Anti-tax crusader Grover Norquist's comments to the Washington Post on former President George W. Bush's tax cuts marked a rare instance of nuance for a man known for his sledgehammer-like bluntness.
"I don't want to abolish government. I simply want to reduce it to the size where I can drag it into the bathroom and drown it in the bathtub," Norquist once said.
Norquist's fervent belief that government should occupy a smaller role in U.S. society and his zeal for reducing taxes made his remarks to the Post all the more surprising.
Asked by the newspaper if allowing the Bush tax cuts to expire would constitute a tax increase, Norquist said he would not view it that way. "Not continuing a tax cut is not technically a tax increase," he said.
Norquist, head of the conservative group Americans for Tax Reform, later clarified his comment by putting a statement on his web site reiterating his view that the Bush tax cuts should not be allowed to expire. But he did not disavow his comment to the Post about the pledge.
Norquist, who got his start in politics when he was a 12-year-old volunteer on Richard Nixon's 1968 presidential campaign, has been a key figure in the Republican party since the 1980s.
He was an ally of former House of Representatives Speaker Newt Gingrich and also had the ear of many top advisers in Bush's White House.
More recently, Norquist has secured signatures of nearly every Republican in the U.S. Congress on his "Taxpayer Protection Pledge."

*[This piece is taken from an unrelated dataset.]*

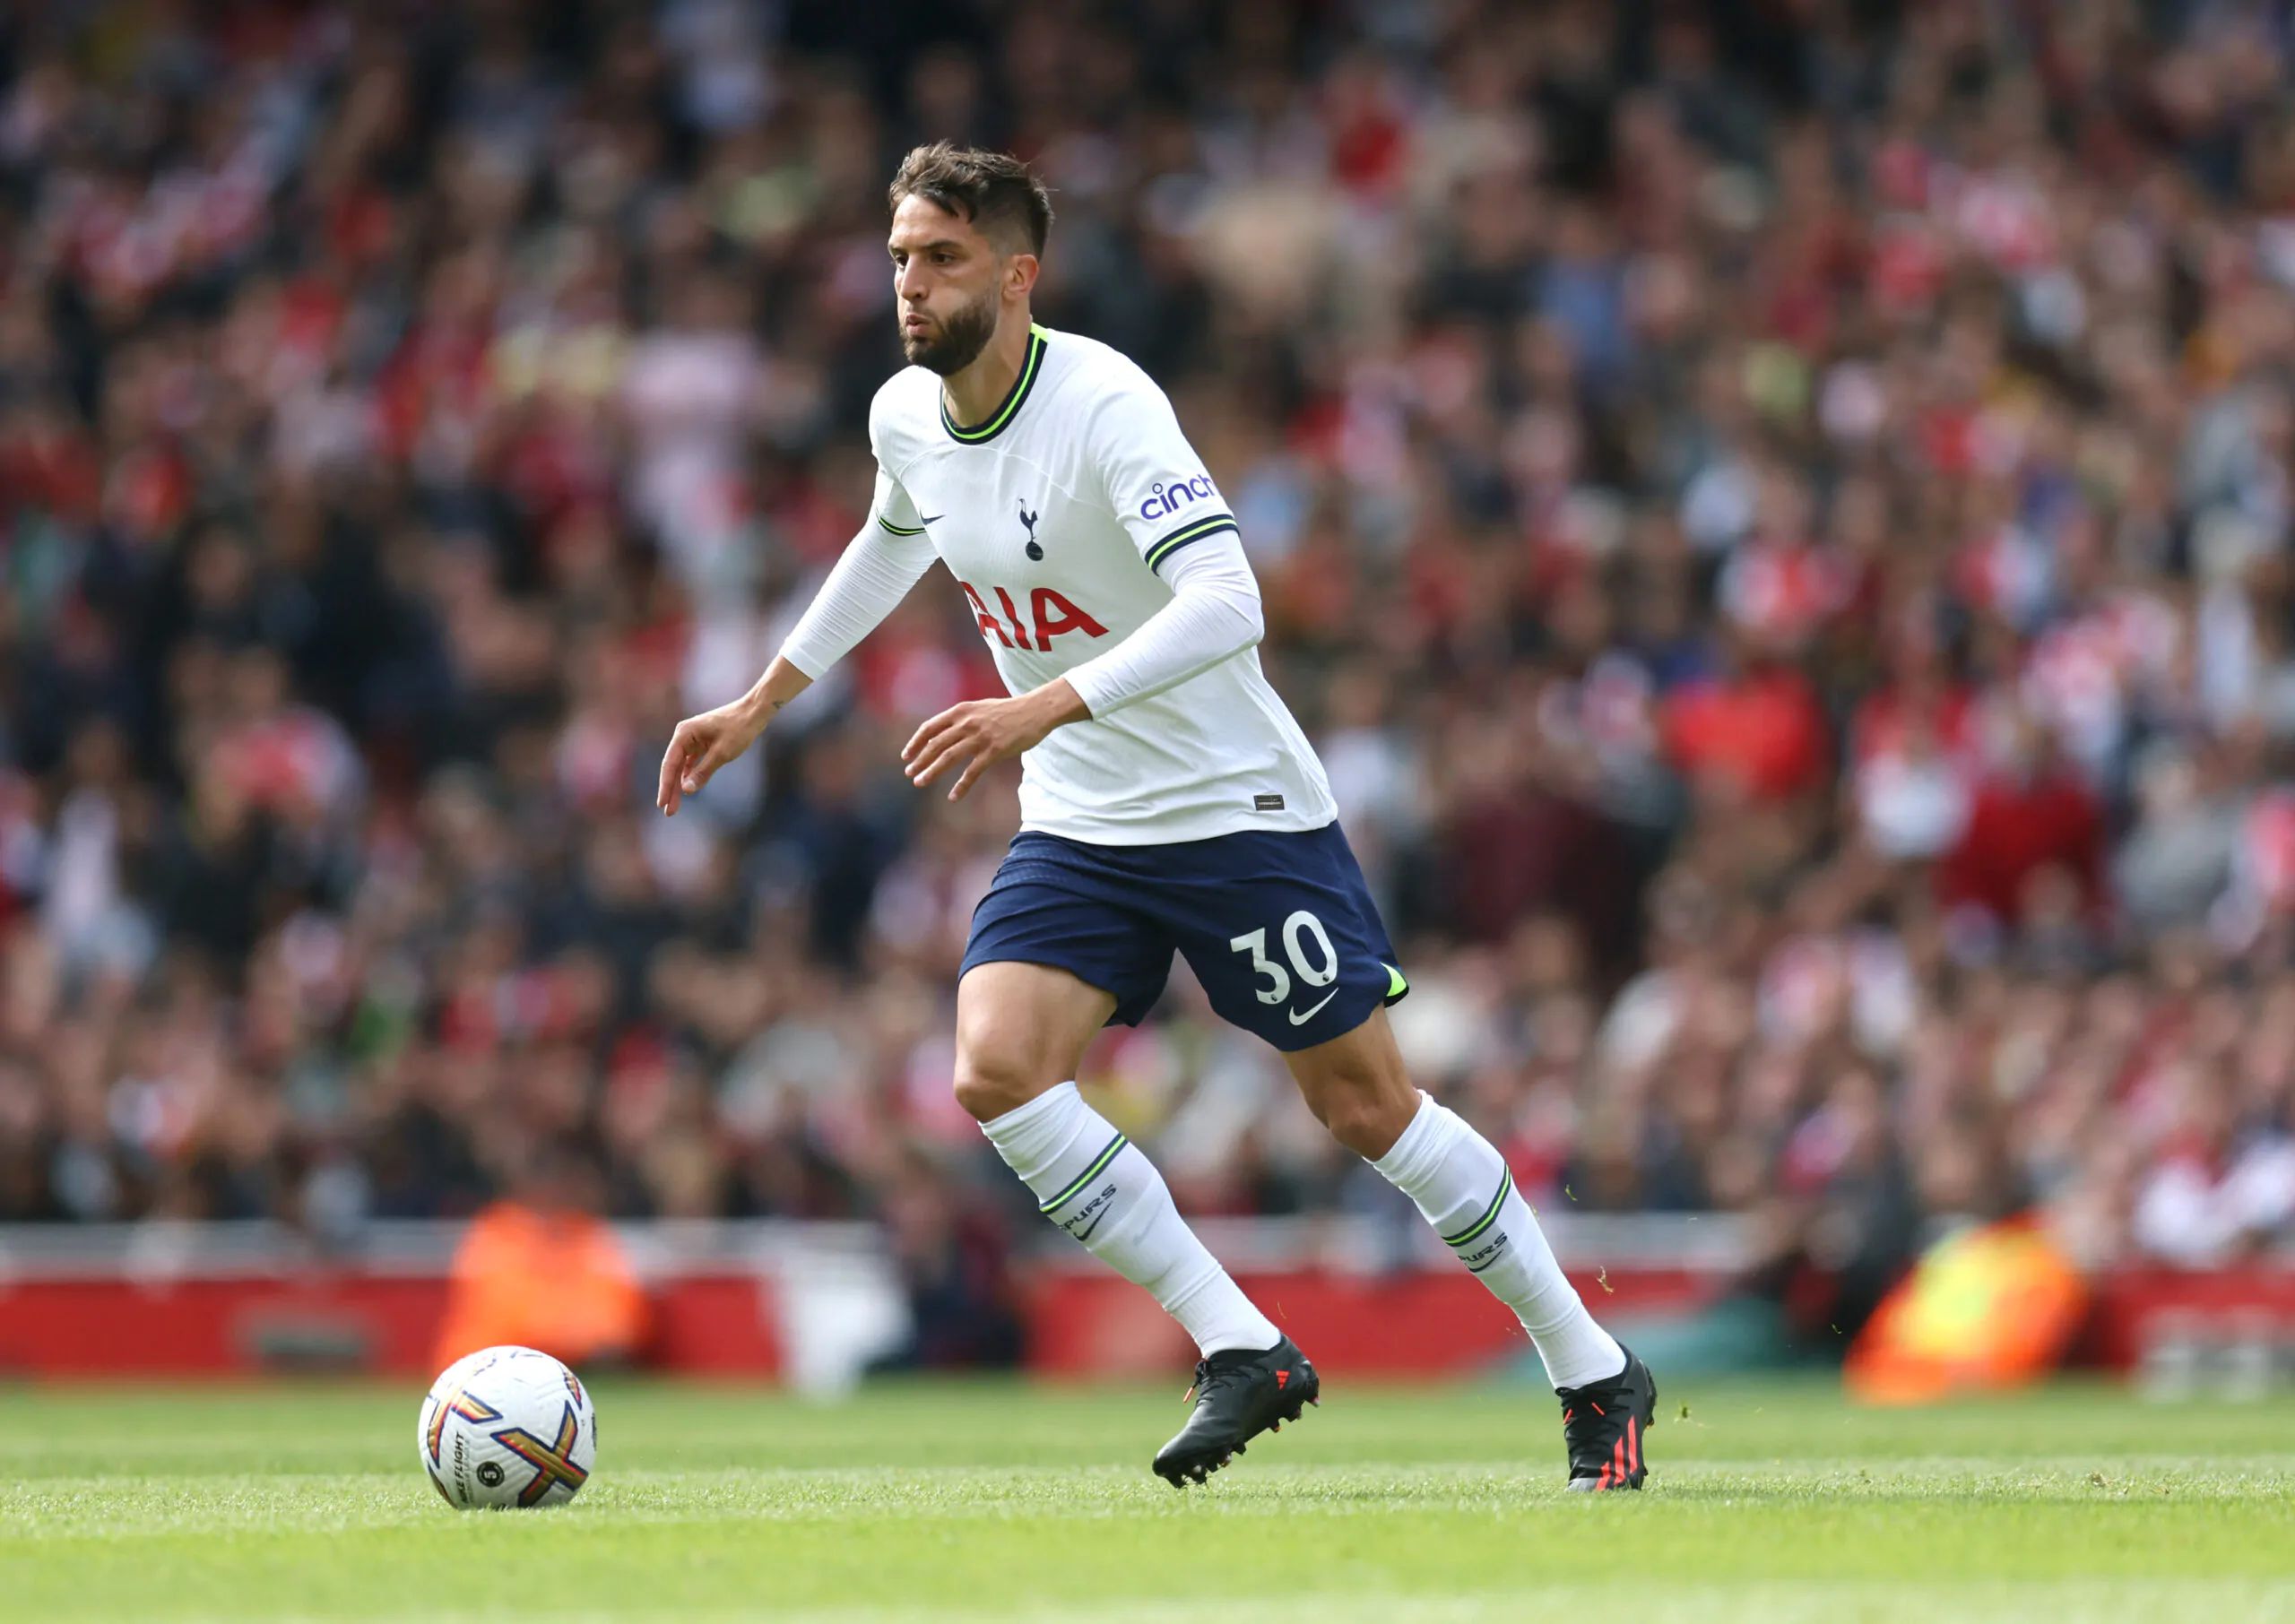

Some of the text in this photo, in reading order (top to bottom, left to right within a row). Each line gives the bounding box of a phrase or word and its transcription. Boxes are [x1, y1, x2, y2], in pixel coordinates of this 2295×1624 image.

The pledge puts those lawmakers on the record as opposing all tax increases, even the elimination of loopholes or special deductions, unless they are "matched dollar for dollar by further reducing tax rates."
A GAME CHANGER?
Democratic officials, who insist that some revenue increases must be a part of any larger deal on deficit reduction, viewed Norquist's comments to the Washington Post as a potential game-changer.
Steny Hoyer, the No. 2 Democrat in the House of Representatives, described the comments as "very important."
Some Democrats say they could allow Republican House Speaker John Boehner to cut a deal with President Barack Obama that would include cuts in big social programs in exchange for some tax hikes.
"It sounds like a change of heart for him," said Jared Bernstein, a former economic adviser to Vice President Joe Biden and now a scholar at the Center on Budget and Policy Priorities.
Bernstein, who once debated Norquist on television, said the Republican activist was not someone who struck him as "particularly flexible."
But he added that the statement to the Post seemed to show some wiggle room.
Republican Douglas Holtz-Eakin, a former Bush adviser and former head of the Congressional Budget Office, said he has never been enthusiastic about pledges from elected officials, saying that politicians should "say what they believe and act accordingly."
But Holtz-Eakin also said the attention paid to Norquist's comments highlight the difficulty in long-term budget talks of adjudicating which steps would constitute tax hikes and which would not. For example, he said, there is debate over whether closing loopholes or increasing fees would represent tax increases.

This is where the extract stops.